Let us all sigh for the days when we packed ourselves glorious lunchboxes. I'd settle into the lunch corner and hunker into my sandwich: the layered garden lettuce, the slab of cheddar, the mayonnaise slathered not just on the bread but between other sandwich strata -- a recurring oily emulsified geologic event between the Bread and Cheese and Lettuce years -- and such fluffy wholewheat homemade bread years! sliced so thick I had to perform a caesarean to ensure a live birth of sandwich from sandwich bag. Like a ship in a bottle -- how did I finesse myself such a packing job late last night, all sleepy impatient to get to bed and annoyed at this chore that only reminded me of how soon I had to rise again, and brush my teeth, and go to school?

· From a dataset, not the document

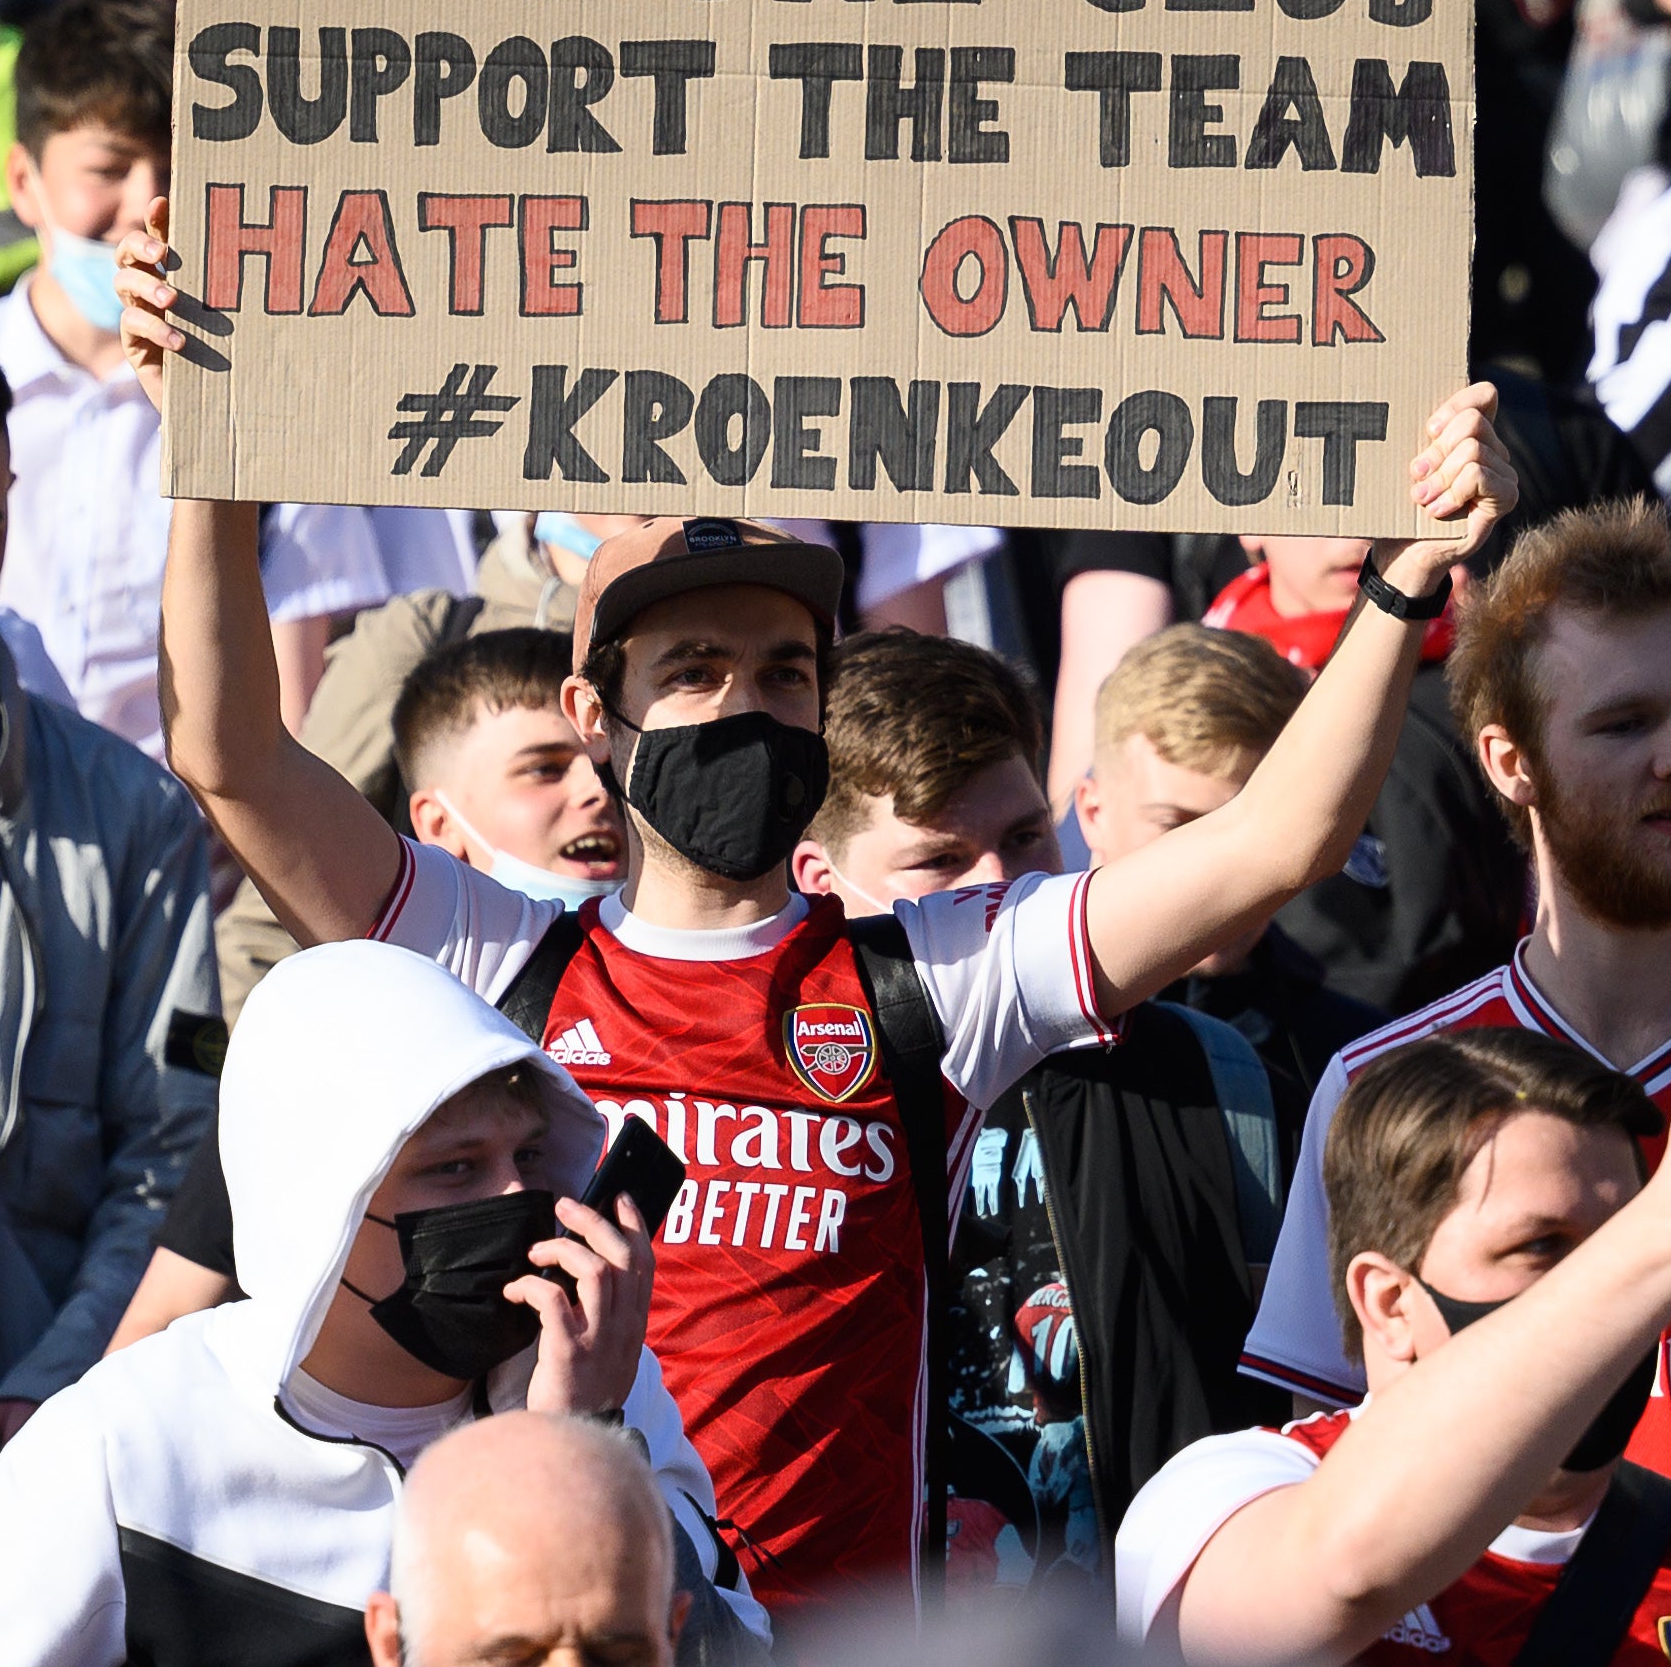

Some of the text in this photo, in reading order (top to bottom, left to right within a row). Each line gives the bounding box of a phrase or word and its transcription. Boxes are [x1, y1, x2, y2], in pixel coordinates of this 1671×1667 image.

I marketed those sandwiches! For $2.50, my classmates would place orders the day before, and have themselves a wholesome lunch.

Sigh indeed. There are no glorious geologic sandwiches nowadays. Just celery and peanut butter and, when I am feeling happy, raisins for ants-on-a-log. A chicken sausage. A glob of yogurt. An apple that I'll probably save for my bike ride home.